I turned fifty last week. An old high school acquaintance wrote on my Facebook wall, “It’s just a number.” To make me feel better, I guess.
But I don’t feel bad about turning fifty. I feel excited, to be honest. When you’re in your late forties (or thirties or twenties, for that matter), you’re creaking towards the end of something. Queue up the tired sound of a roller coaster slowing down and lurching you towards the end of the ride. Forty-eight, forty-nine, forty-nine-and-a-half. But guess what? The roller coaster isn’t stopping—it’s speeding back up! And it’s going down a whole new track!
Do I feel like waving my arms and screaming as I head to the first big drop? I do. You should have seen me in April, at the joint 50th birthday party that Chris and I threw for ourselves. It was a dance party in a warehouse because there is nothing to make you feel younger than throwing a dance party in a warehouse. Truth be told, there was a lot of work involved in turning a sawdusty, mud-caked, tractor-filled warehouse into a place where your friends can show up in silk blouses and heels. A few afternoons of scrubbing and mopping, and much moving to the side of heavy equipment. But it’s surprising what you can do with a few twinkle lights strung between sawhorses, rented barstools set around a bar made from scaffolding, and 100 candles in jars from Ikea.

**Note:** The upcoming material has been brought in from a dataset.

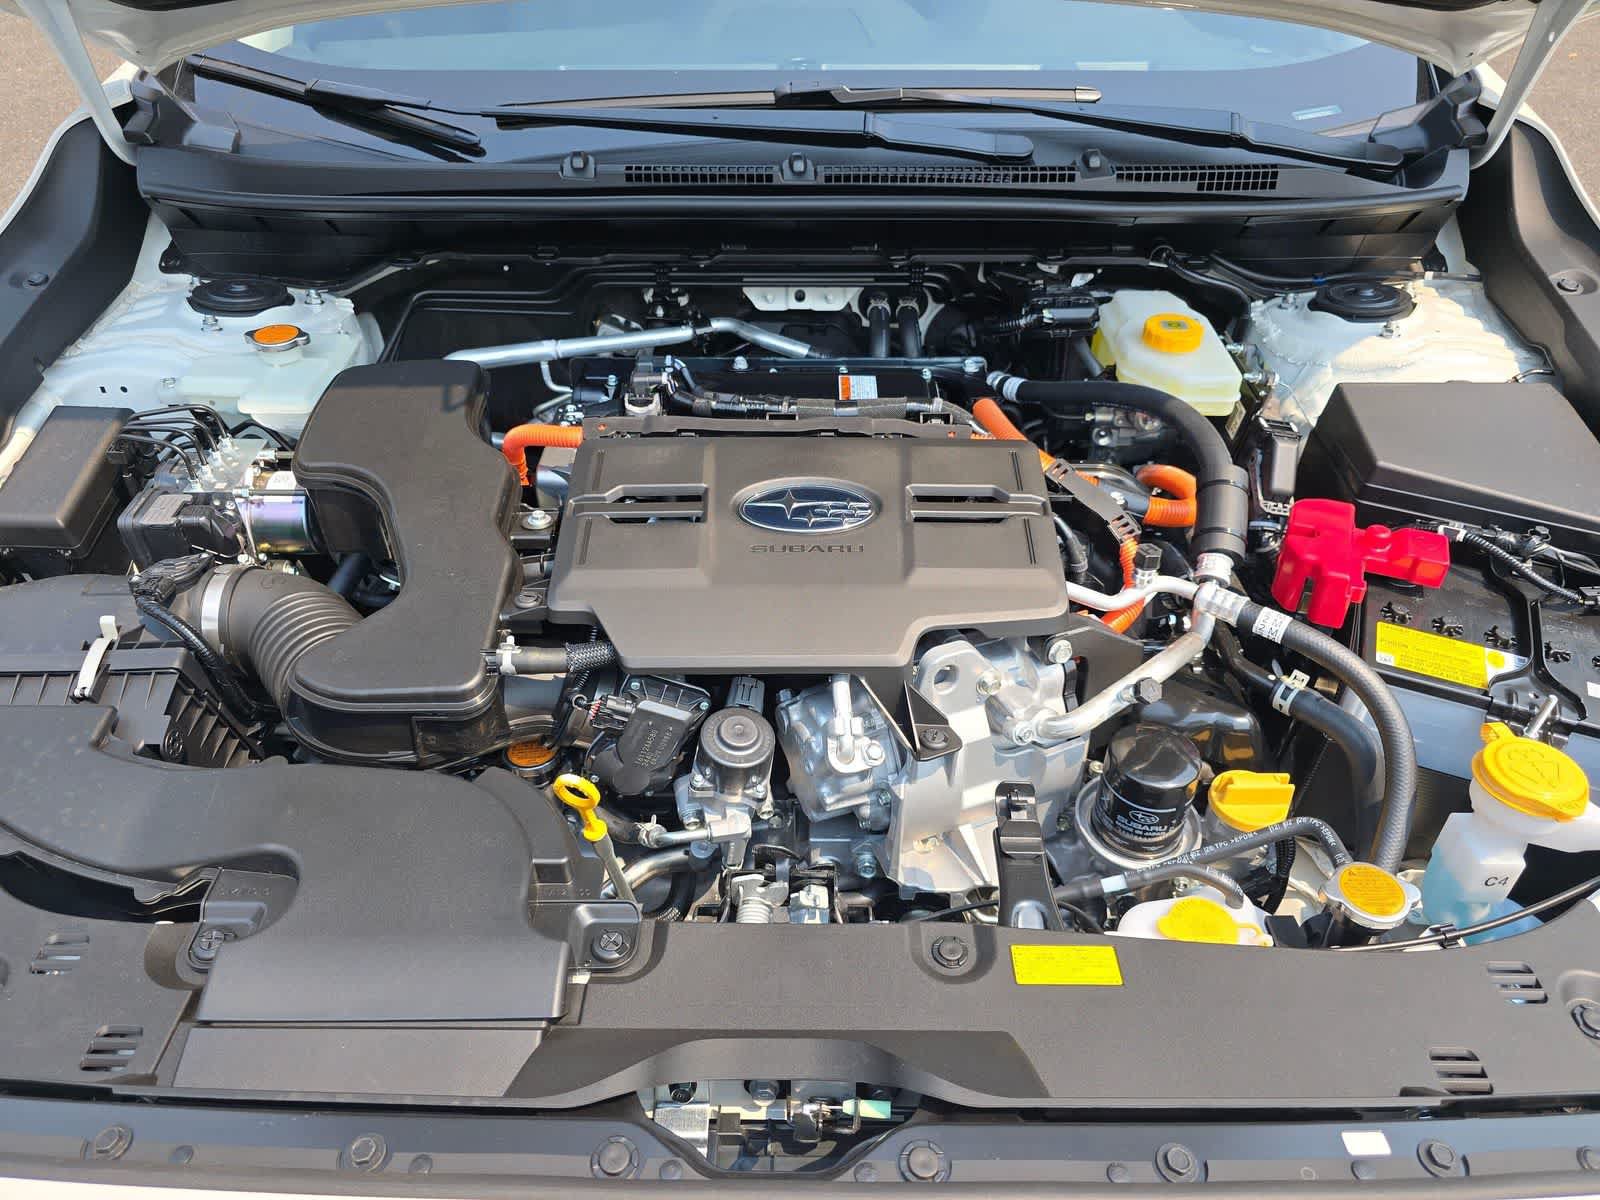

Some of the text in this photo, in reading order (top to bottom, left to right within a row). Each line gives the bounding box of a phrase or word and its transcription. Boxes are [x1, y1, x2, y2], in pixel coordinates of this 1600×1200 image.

[749, 544, 865, 553] SUBARU
[1116, 815, 1168, 831] SUBARU
[1484, 876, 1509, 887] C4

I danced like crazy that night. I danced and danced and danced. First to the set that Chris’ band played, and then to a mostly 80s and 90s playlist that didn’t let up. By the time Hole’s “Violet” came on, I was a whirling, fist-pumping, Courtney Love-like lunatic. I’m sure it wasn’t pretty. I’m sure my friends assumed that I’d had a few too many Rhubarb Collinses. I hadn’t! I just love to dance, and I have a husband who loves to dance. We went to high school together (although we didn’t date until the end of college) so lots of high school friends were at the party, lots of fellow turning-50-year-olds. We women did our Molly Ringwald kick-flips; the guys did their hunched-over, bent-armed ska moves. We danced until my hair flattened and I was a sweaty mess for goodbye hugs and it was the best way I can imagine to usher in my fifties.

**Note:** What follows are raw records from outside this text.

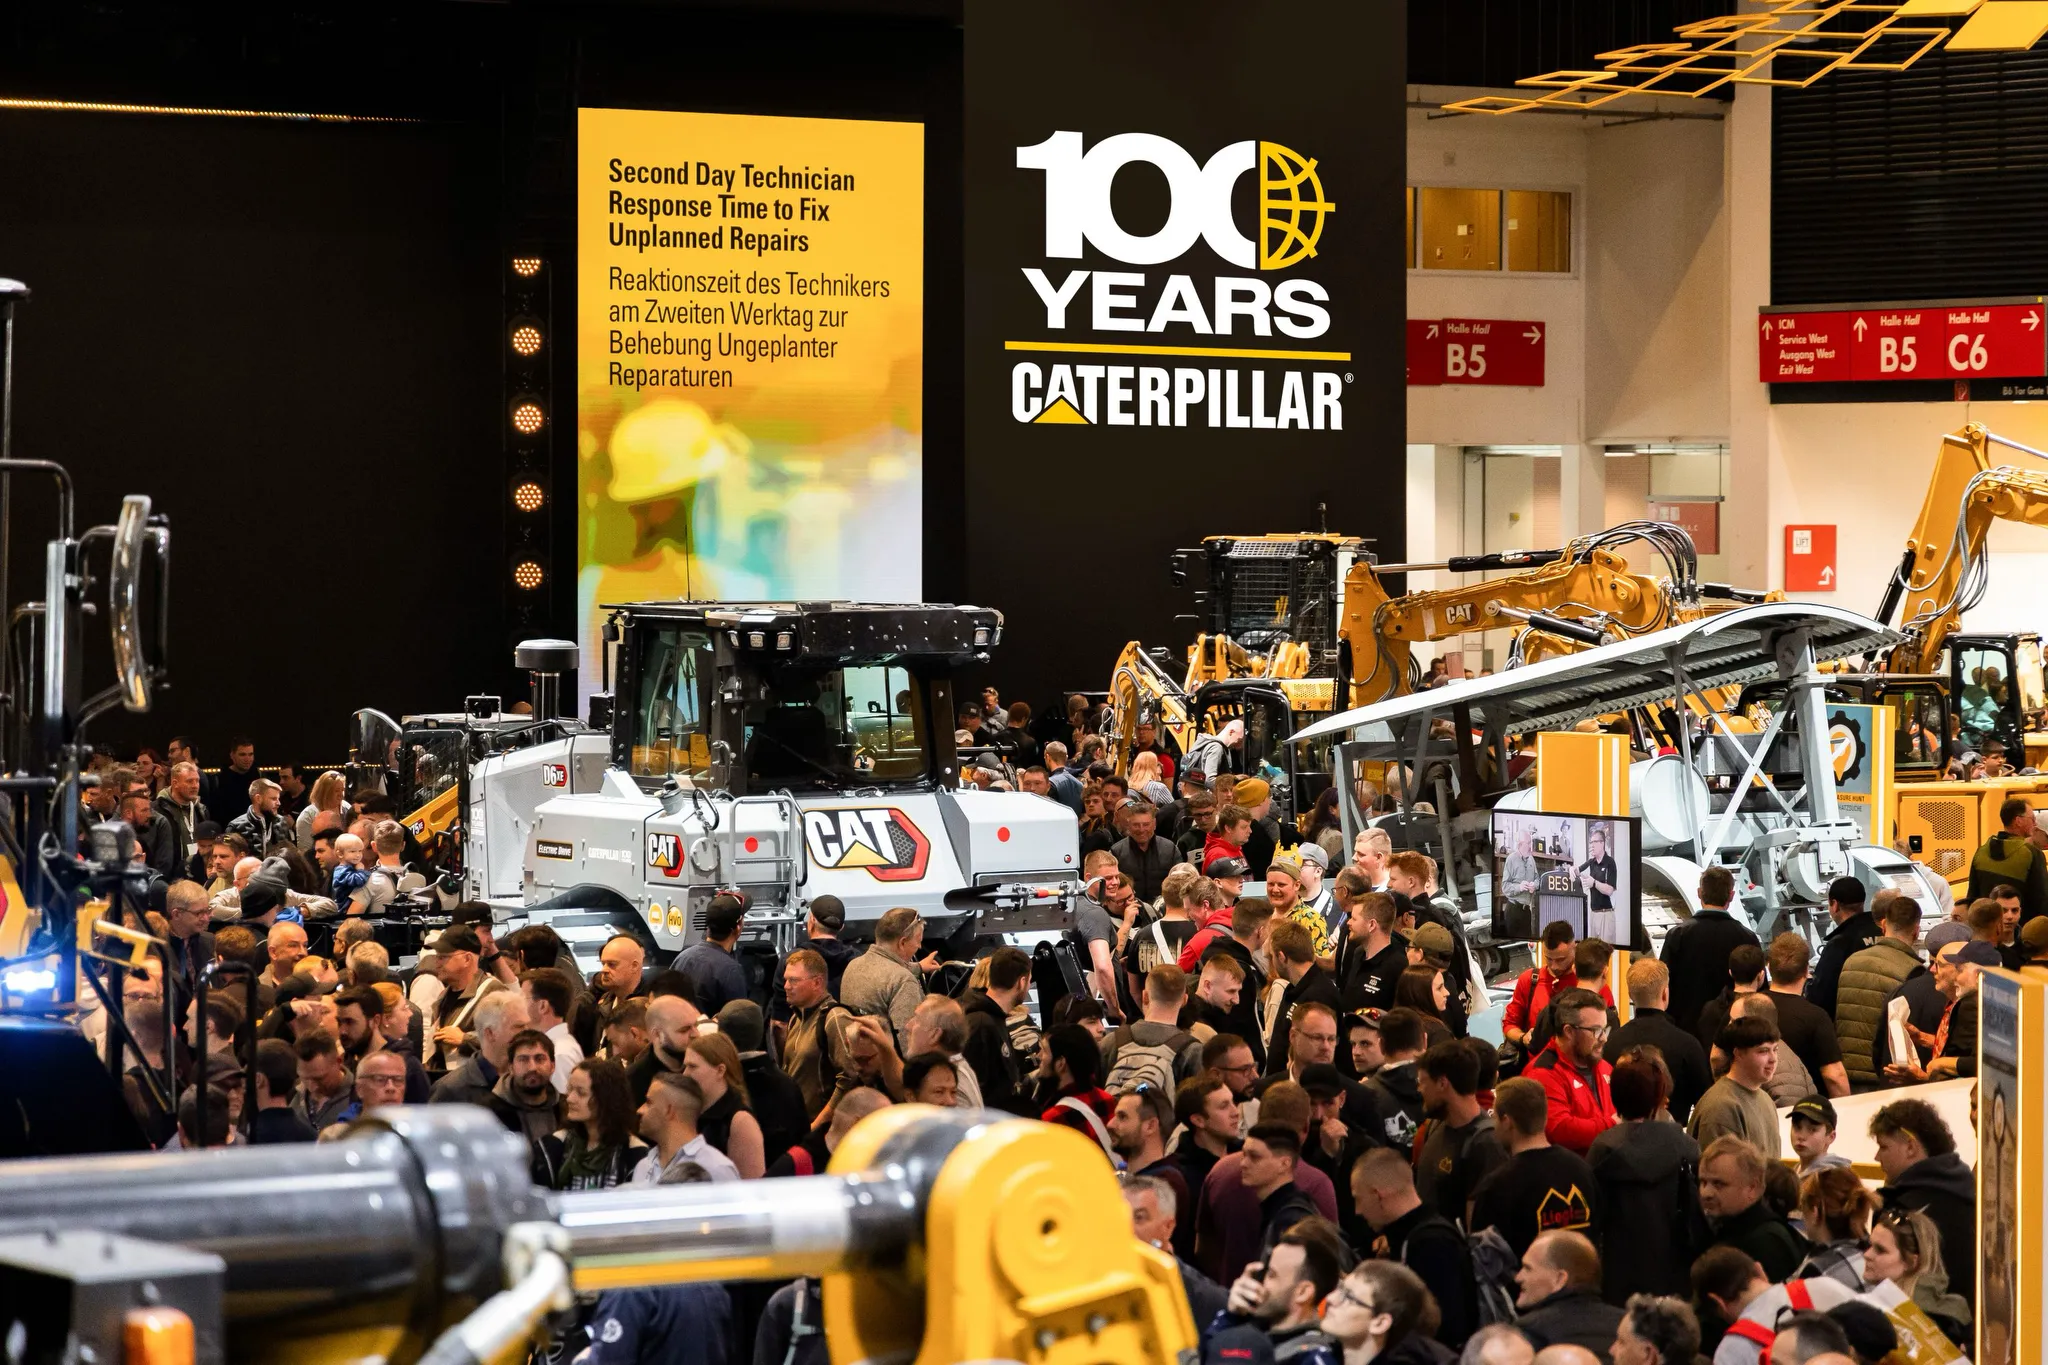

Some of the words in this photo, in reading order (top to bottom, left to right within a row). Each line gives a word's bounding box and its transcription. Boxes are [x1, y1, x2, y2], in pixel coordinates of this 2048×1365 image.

[609, 158, 689, 185] Second
[695, 162, 736, 192] Day
[741, 164, 855, 192] Technician
[609, 190, 712, 222] Response
[718, 194, 767, 220] Time
[773, 198, 793, 221] to
[800, 198, 830, 222] Fix
[1016, 130, 1335, 270] 100
[609, 223, 723, 253] Unplanned
[730, 226, 809, 257] Repairs
[609, 266, 741, 294] Reaktionszeit
[746, 270, 780, 296] des
[786, 271, 890, 298] Technikers
[609, 304, 639, 323] am
[645, 299, 725, 325] Zweiten
[730, 301, 813, 333] Werktag
[818, 308, 848, 328] zur
[1021, 268, 1331, 339] YEARS
[1948, 312, 1971, 324] Halle
[1972, 311, 1991, 324] Hall
[1447, 323, 1470, 334] Halle
[1472, 324, 1491, 335] Hall
[1778, 319, 1795, 330] ICM
[1880, 315, 1901, 327] Halle
[1903, 314, 1921, 326] Hall
[609, 330, 712, 361] Behebung
[718, 333, 838, 362] Ungeplanter
[1779, 334, 1807, 345] Service
[1808, 333, 1828, 344] West
[1948, 333, 1988, 372] C6
[1447, 343, 1487, 378] B5
[1779, 349, 1815, 362] Ausgang
[1816, 348, 1836, 359] West
[1779, 365, 1794, 375] Exit
[1795, 364, 1814, 375] West
[1880, 336, 1917, 373] B5
[609, 362, 733, 391] Reparaturen
[2014, 386, 2025, 395] Tor
[2027, 385, 2044, 396] Gate
[1795, 537, 1809, 547] LIFT
[1445, 603, 1472, 625] CAT
[1837, 794, 1851, 802] ASURE
[648, 833, 676, 867] CAT
[804, 809, 899, 867] CAT
[668, 916, 682, 926] HVO

50 feels like a bigger transition than 30 or 40 did. My life didn’t change much with those birthdays. By my 30th birthday, I was pregnant with my second kid. I became the mother of a teenager the week I turned 40, which was a double whammy of feeling older. Still, for both of those birthdays I was already embedded in the life that would follow for the rest of the decade.

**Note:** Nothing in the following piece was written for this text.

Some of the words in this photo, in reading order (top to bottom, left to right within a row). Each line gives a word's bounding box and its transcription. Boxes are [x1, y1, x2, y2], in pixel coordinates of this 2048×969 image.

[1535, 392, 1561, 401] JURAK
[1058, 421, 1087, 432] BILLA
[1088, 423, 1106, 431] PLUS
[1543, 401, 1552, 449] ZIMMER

This time I’m on the precipice of something. We have one kid out of college, and one finished with her freshman year. (Though she’s home for the summer. Whoopee!) I’m heading into what looks like my last year of homeschooling Mr. T. That’s a major thing if you consider that I’ve been homeschooling kids for eighteen years. For twenty-three if you count from the time my oldest was born, which any homeschooler will tell you that you may as well do.
For twenty three years I’ve been filling my days with other people. Wonderful people—my favorite people in the world. I’ve been giving them what they need, from diaper changes, to rides to ballet, to help with their college applications, to the zillion and one other piddly and imperative things that mothers do, day after day after day.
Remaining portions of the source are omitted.